Tres caminos sobre la mesa
El manager de Leclerc, Nicholas Todt, ya se movió en el paddock para tantear alternativas. Según el reporte, hubo reuniones en Monza con la cúpula de McLaren (Andrea Stella y Alessandro Alunni Bravi), contactos con Aston Martin (Lawrence Stroll) y hasta un cruce con Toto Wolff de Mercedes en Capri, donde también apareció Max Verstappen.
McLaren: solo habría sitio si Norris o Piastri ceden, algo difícil con ambos atados a contratos fuertes y en pleno ascenso.
Mercedes: Wolff necesita definir su futuro post-Hamilton, pero dependerá del movimiento de Verstappen.
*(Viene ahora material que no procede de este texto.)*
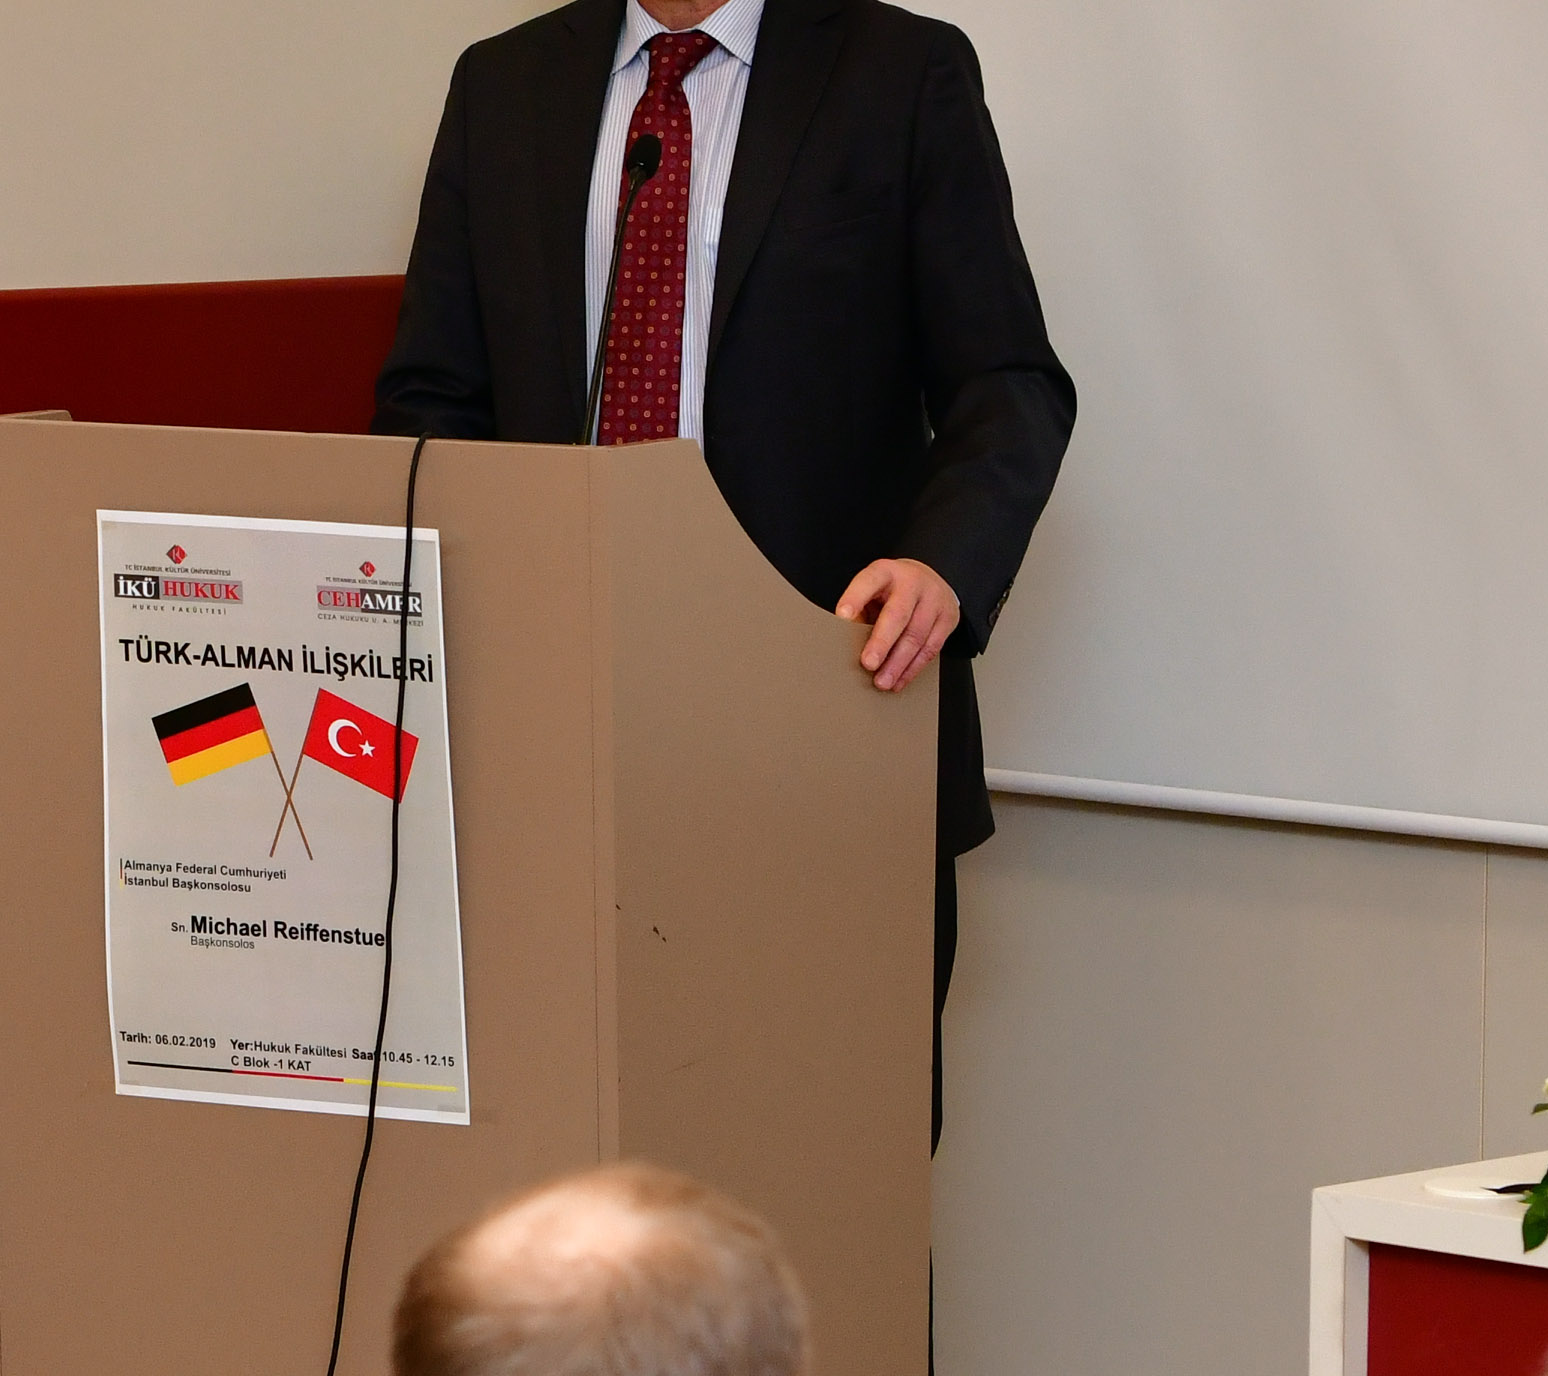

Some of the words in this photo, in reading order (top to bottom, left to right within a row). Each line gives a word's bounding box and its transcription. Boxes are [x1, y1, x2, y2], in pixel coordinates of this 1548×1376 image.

Aston Martin: el proyecto Stroll-Newey podría tentar, aunque la incógnita sobre cuánto durará Max en F1 añade otra capa de incertidumbre.
El rompecabezas Ferrari
En Maranello, mientras tanto, también hacen cuentas. Hamilton en 2026 será clave: si gana, puede despedirse por la puerta grande; si pierde, quizá decida bajarse. Y en medio de eso aparece la carta de Carlos Sainz, que nunca cerró del todo la puerta a un regreso. Un eventual adiós de Leclerc obligaría a Ferrari a reconstruir desde cero, y ahí el madrileño podría ser el pilar de un nuevo ciclo.
Un 2026 decisivo
El reglamento nuevo, las dudas técnicas y la presión de un campeonato impredecible convierten la próxima temporada en un examen. El futuro de Leclerc dependerá de lo que ocurra en pista: si Ferrari vuelve a decepcionar, el “amor eterno” podría convertirse en ruptura.
Conclusión: juramento con fecha de caducidad
Charles Leclerc le juró amor eterno a Ferrari. Pero como reza la vieja frase: el amor es eterno… mientras dura. El 2026 definirá si ese juramento se mantiene o si, en 2027, lo veremos vestido de otros colores.